In the copy, include every entry exactly but none of its images.
/---
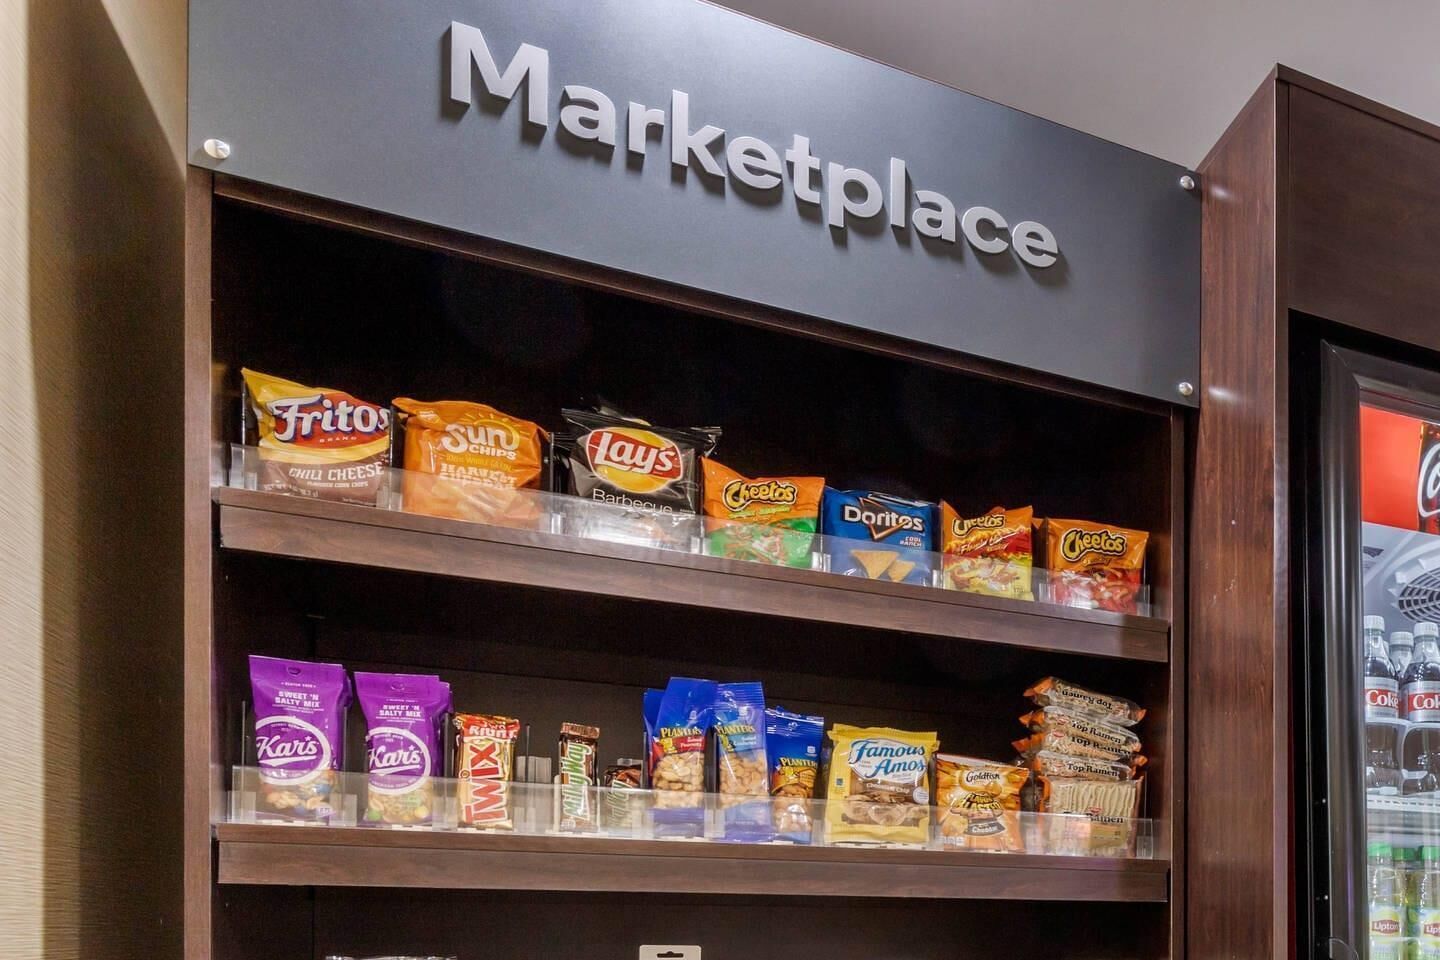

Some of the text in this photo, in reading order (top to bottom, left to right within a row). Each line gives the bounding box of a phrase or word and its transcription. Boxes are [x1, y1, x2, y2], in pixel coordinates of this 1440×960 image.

[449, 20, 1060, 268] Marketplace
[266, 393, 391, 441] Fritos
[441, 422, 520, 454] Sun
[468, 444, 517, 460] CHIPS
[288, 461, 385, 482] CHILI CHEESE
[592, 488, 673, 515] Barbecue
[725, 481, 795, 509] Cheetos
[844, 505, 924, 532] Doritos
[1062, 530, 1126, 561] Cheetos
[275, 697, 301, 706] SALTY
[279, 691, 307, 700] SWEET
[1062, 690, 1113, 711] Top Ramen
[1366, 689, 1399, 706] Coke
[661, 727, 703, 738] PLANTERS
[1071, 720, 1122, 744] Top Ramen
[1071, 737, 1091, 747] Top
[848, 739, 926, 765] Famous
[864, 758, 928, 778] Amos
[965, 771, 1001, 783] Goldfish
[1067, 763, 1118, 777] Top Ramen
[1374, 922, 1400, 933] Lipton
\---
* _Result for this task_
Some of the text in this photo, in reading order (top to bottom, left to right within a row). Each line gives the bounding box of a phrase or word and its transcription. Boxes are [x1, y1, x2, y2], in pixel coordinates of this 1440×960 image.

[449, 20, 1060, 268] Marketplace
[266, 393, 391, 441] Fritos
[441, 422, 520, 454] Sun
[468, 444, 517, 460] CHIPS
[288, 461, 385, 482] CHILI CHEESE
[592, 488, 673, 515] Barbecue
[725, 481, 795, 509] Cheetos
[844, 505, 924, 532] Doritos
[1062, 530, 1126, 561] Cheetos
[275, 697, 301, 706] SALTY
[279, 691, 307, 700] SWEET
[1062, 690, 1113, 711] Top Ramen
[1366, 689, 1399, 706] Coke
[661, 727, 703, 738] PLANTERS
[1071, 720, 1122, 744] Top Ramen
[1071, 737, 1091, 747] Top
[848, 739, 926, 765] Famous
[864, 758, 928, 778] Amos
[965, 771, 1001, 783] Goldfish
[1067, 763, 1118, 777] Top Ramen
[1374, 922, 1400, 933] Lipton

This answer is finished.